TASK TO COMPLETE:
Transcribe every entry word for word, leaving out all images.

--- --- ---

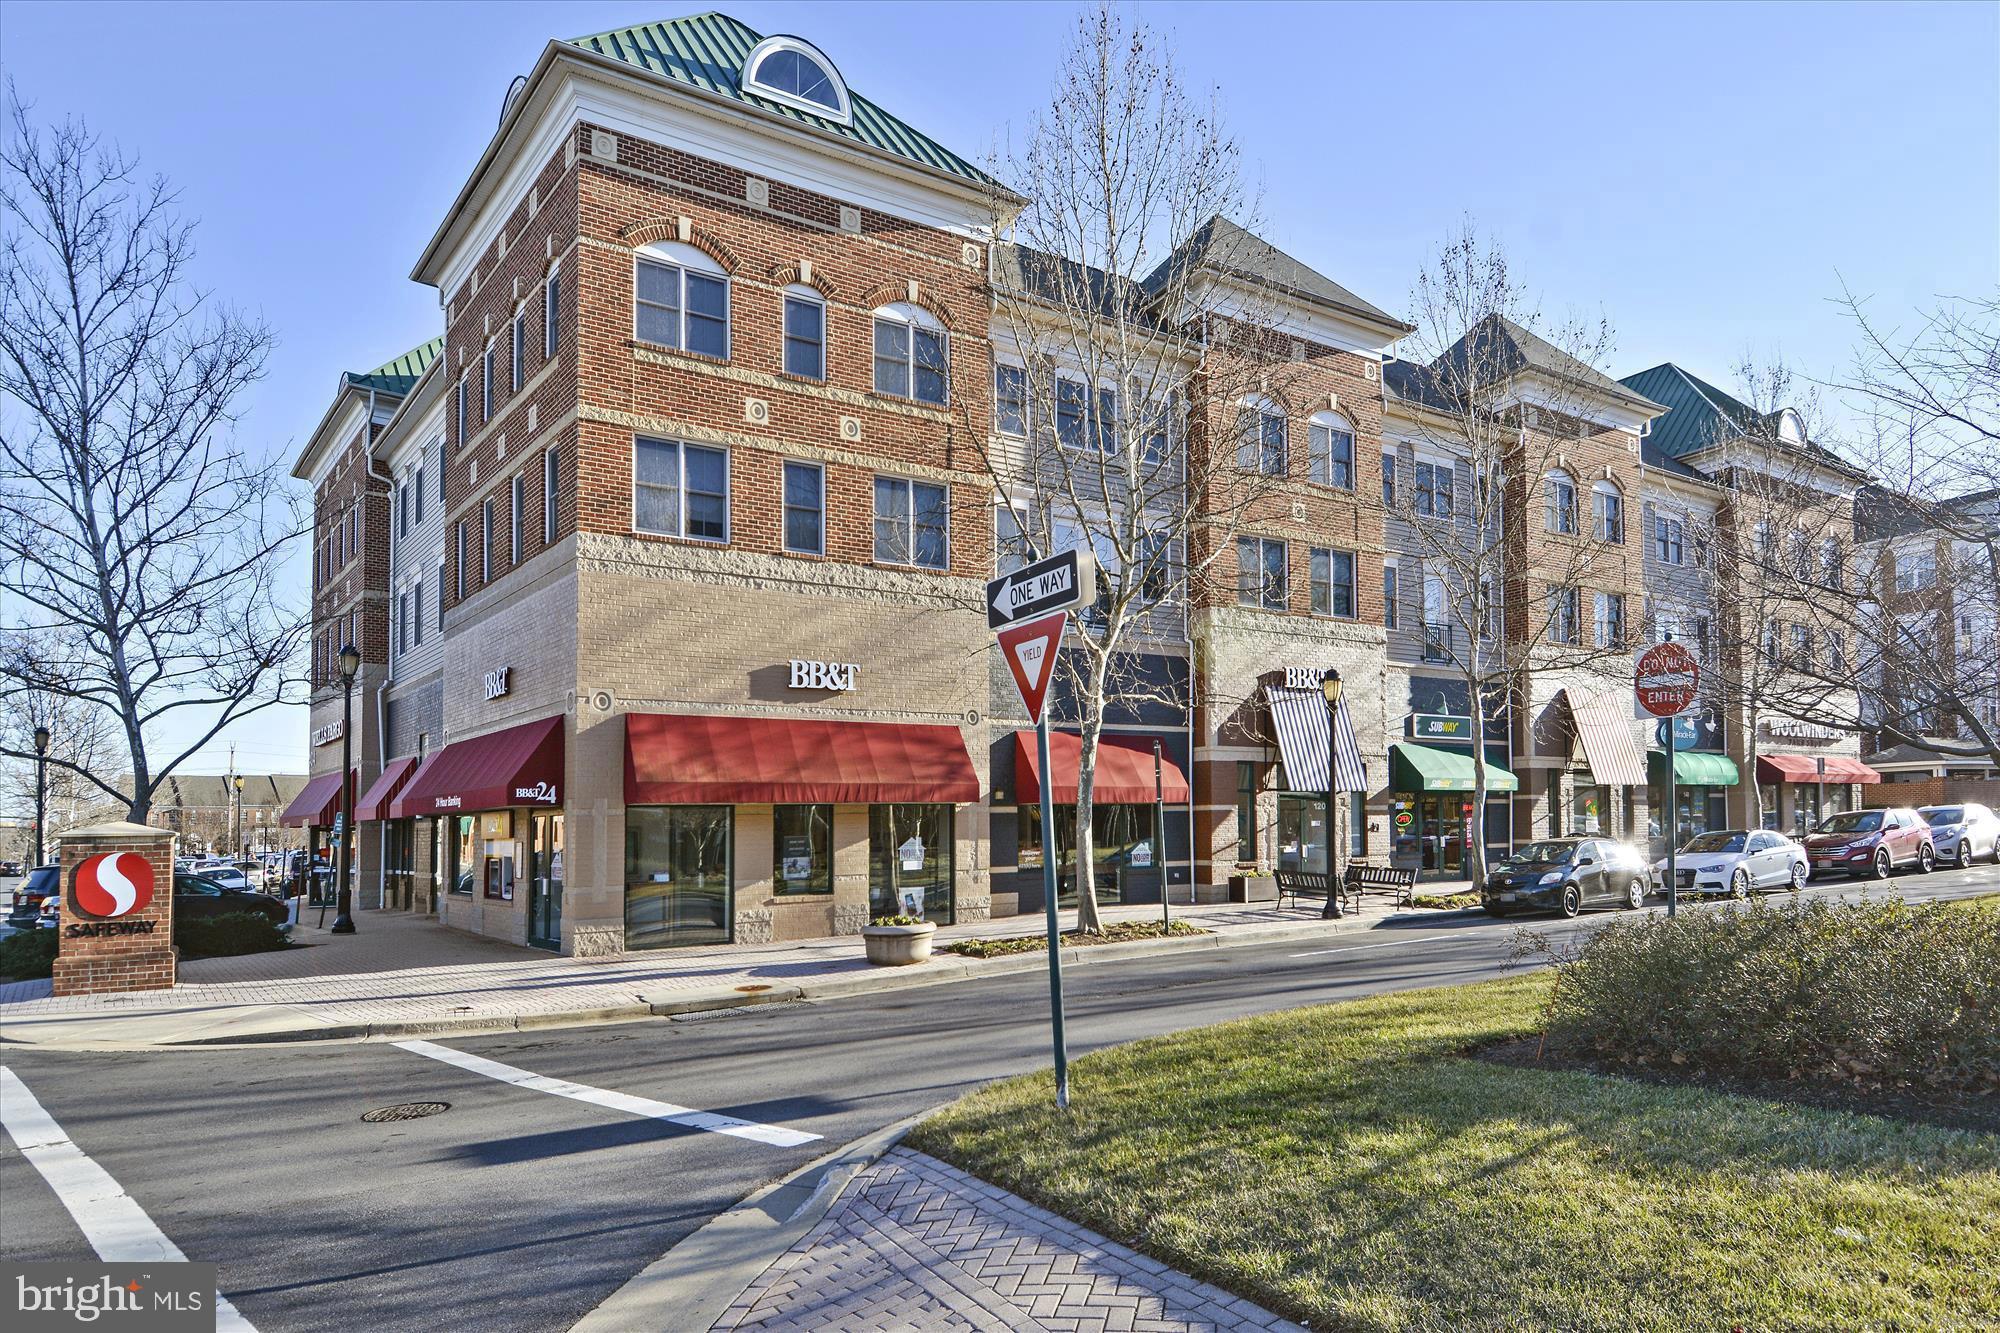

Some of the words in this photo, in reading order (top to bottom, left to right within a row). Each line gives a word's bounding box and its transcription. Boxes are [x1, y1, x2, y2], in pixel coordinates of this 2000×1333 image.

[1010, 581, 1034, 606] ONE
[1040, 568, 1066, 595] WAY
[1022, 646, 1042, 662] YIELD
[1643, 658, 1659, 671] DO
[788, 659, 862, 691] BB&T
[484, 666, 508, 700] BB&T
[1648, 691, 1684, 704] ENTER
[1428, 721, 1459, 733] SUBWAY
[1430, 779, 1453, 788] SUBWAY
[1462, 780, 1476, 788] SUBW
[1314, 802, 1326, 810] 120
[1397, 815, 1411, 823] OPEN
[65, 920, 159, 938] SAFEWAY
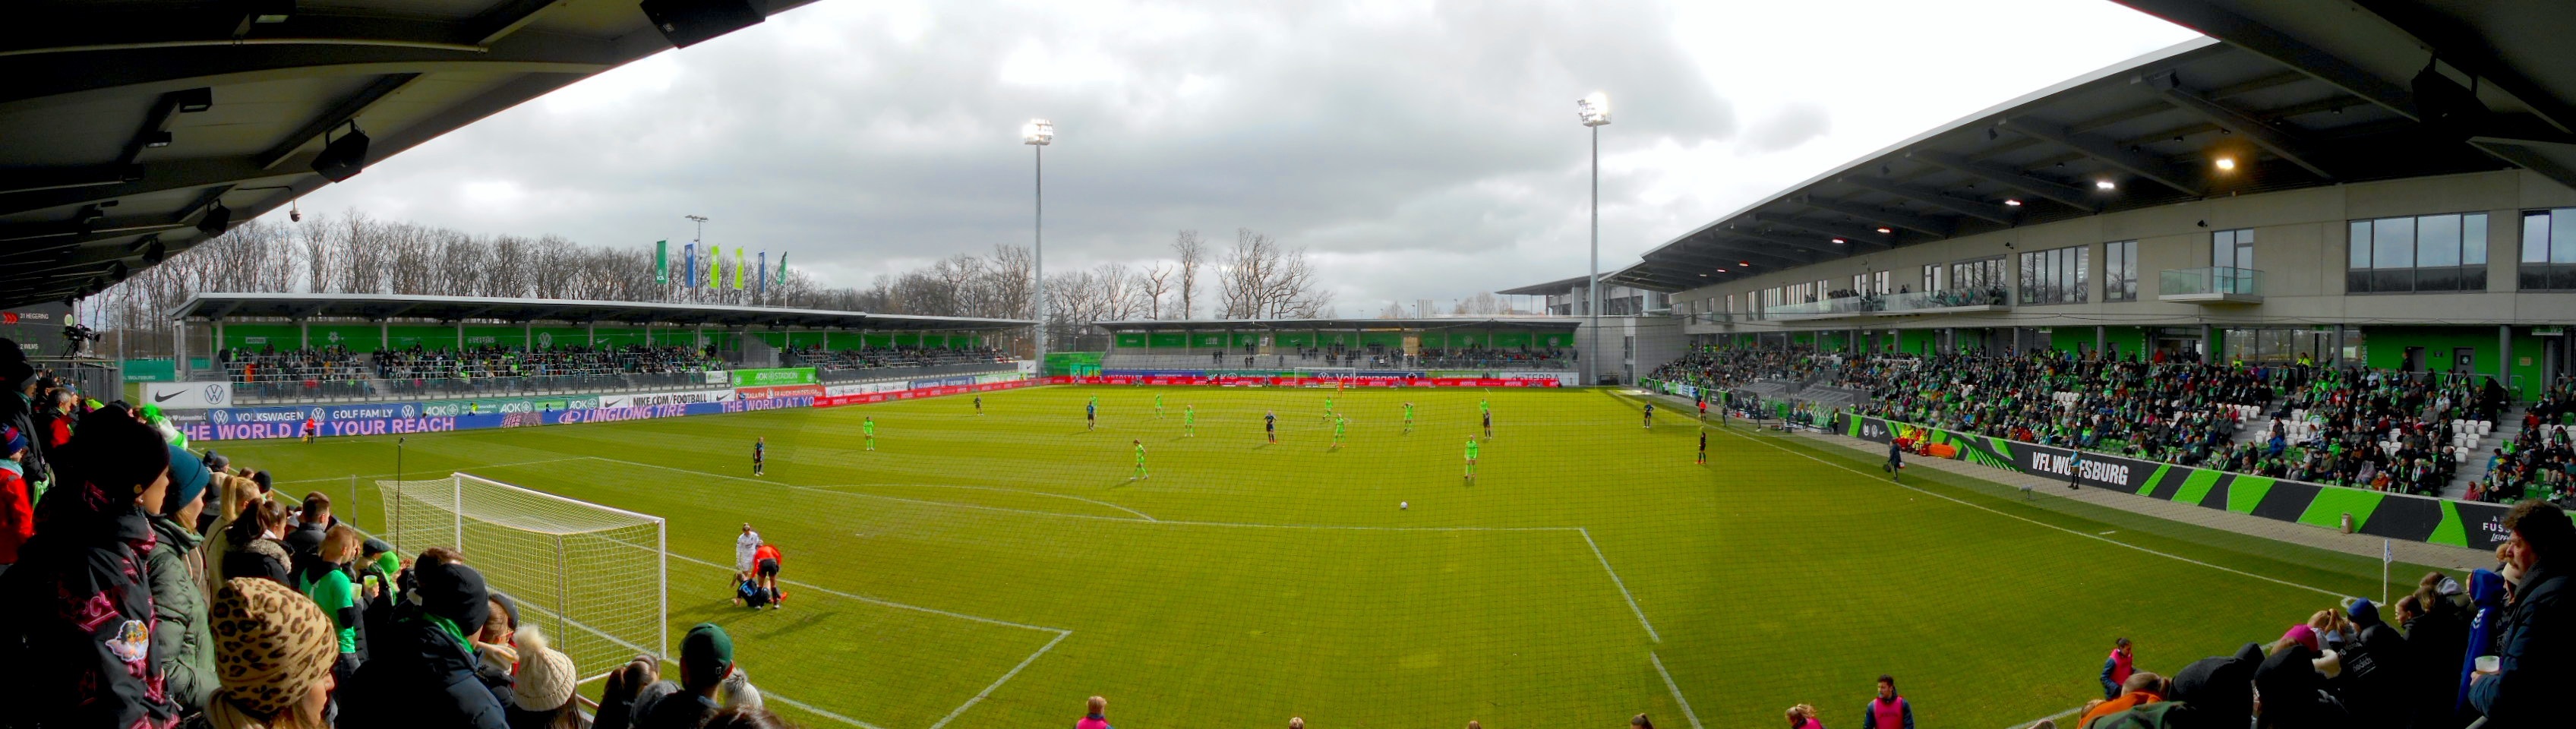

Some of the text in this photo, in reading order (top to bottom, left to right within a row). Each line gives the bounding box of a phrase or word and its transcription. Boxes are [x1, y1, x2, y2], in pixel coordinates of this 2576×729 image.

[570, 399, 588, 409] AOK
[633, 393, 707, 407] NIKE.COM/FOOTBALL
[721, 400, 743, 413] THE
[746, 398, 783, 412] WORLD
[785, 397, 798, 408] AT
[333, 409, 393, 419] GOLF FAMILY
[426, 406, 447, 416] AOK
[500, 403, 521, 413] AOK
[583, 403, 685, 423] LINGLONG TIRE
[235, 412, 304, 421] VOLKSWAGEN
[217, 422, 292, 440] WORLD
[332, 419, 386, 437] YOUR
[392, 417, 454, 434] REACH
[2032, 452, 2129, 485] VFL WOFSBURG
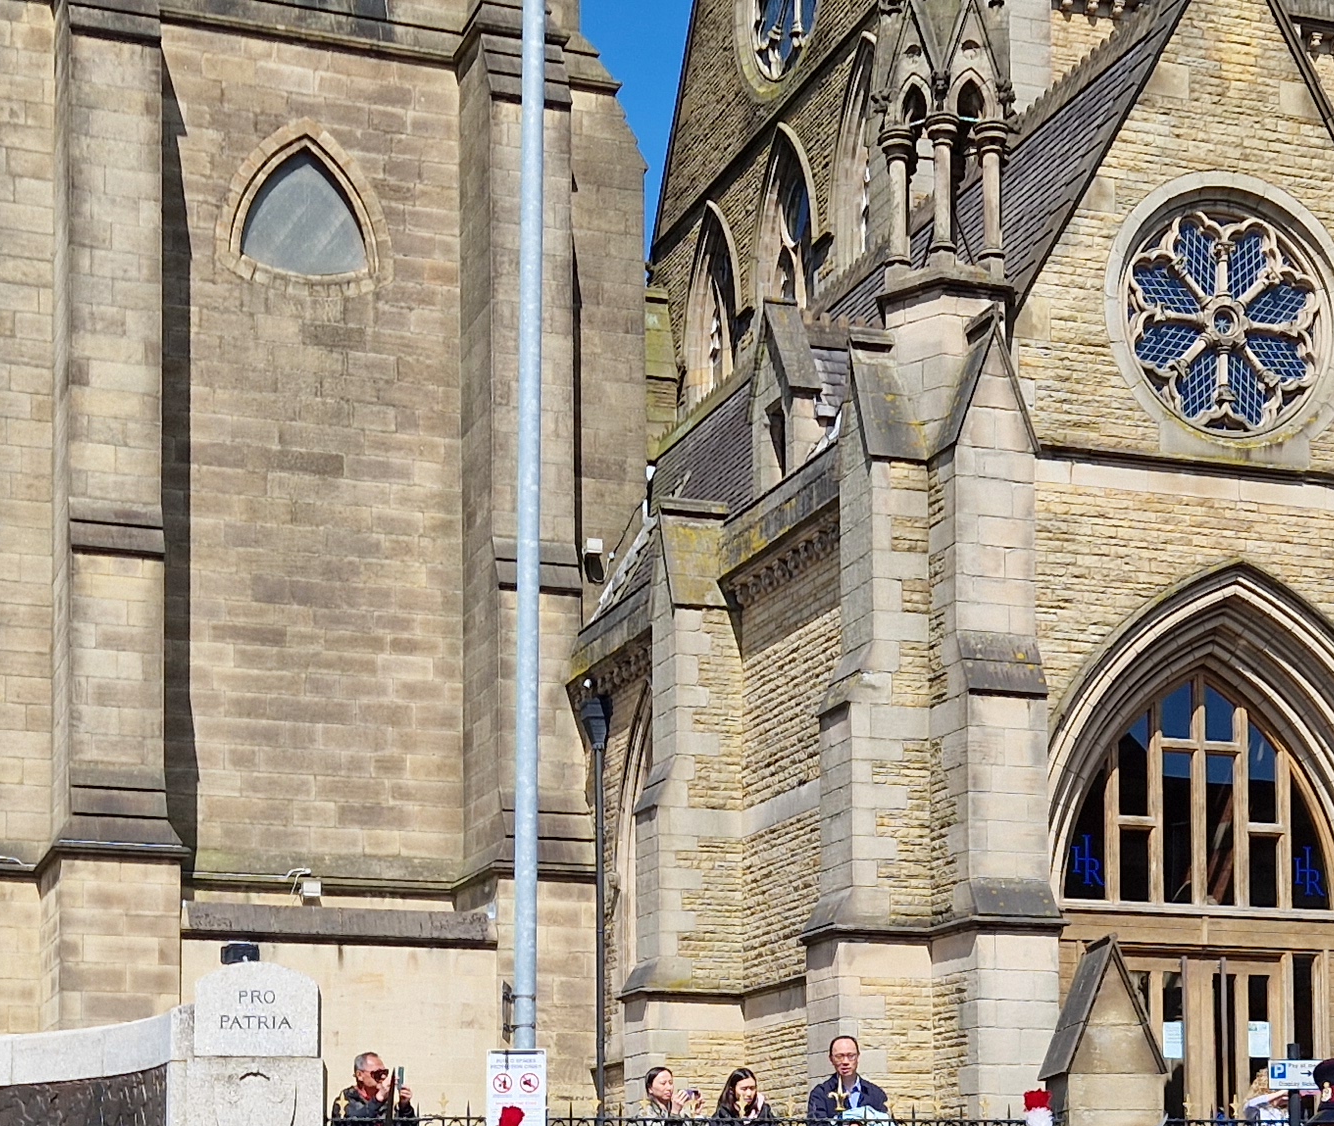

--- --- ---

RESPONSE:
Some of the words in this photo, in reading order (top to bottom, left to right within a row). Each line gives a word's bounding box and its transcription. Boxes are [x1, y1, x2, y2], in pixel coordinates of this 2000×1333 image.

[1010, 581, 1034, 606] ONE
[1040, 568, 1066, 595] WAY
[1022, 646, 1042, 662] YIELD
[1643, 658, 1659, 671] DO
[788, 659, 862, 691] BB&T
[484, 666, 508, 700] BB&T
[1648, 691, 1684, 704] ENTER
[1428, 721, 1459, 733] SUBWAY
[1430, 779, 1453, 788] SUBWAY
[1462, 780, 1476, 788] SUBW
[1314, 802, 1326, 810] 120
[1397, 815, 1411, 823] OPEN
[65, 920, 159, 938] SAFEWAY

Some of the text in this photo, in reading order (top to bottom, left to right within a row). Each line gives the bounding box of a phrase or word and its transcription. Boxes are [x1, y1, x2, y2], in pixel coordinates of this 2576×729 image.

[570, 399, 588, 409] AOK
[633, 393, 707, 407] NIKE.COM/FOOTBALL
[721, 400, 743, 413] THE
[746, 398, 783, 412] WORLD
[785, 397, 798, 408] AT
[333, 409, 393, 419] GOLF FAMILY
[426, 406, 447, 416] AOK
[500, 403, 521, 413] AOK
[583, 403, 685, 423] LINGLONG TIRE
[235, 412, 304, 421] VOLKSWAGEN
[217, 422, 292, 440] WORLD
[332, 419, 386, 437] YOUR
[392, 417, 454, 434] REACH
[2032, 452, 2129, 485] VFL WOFSBURG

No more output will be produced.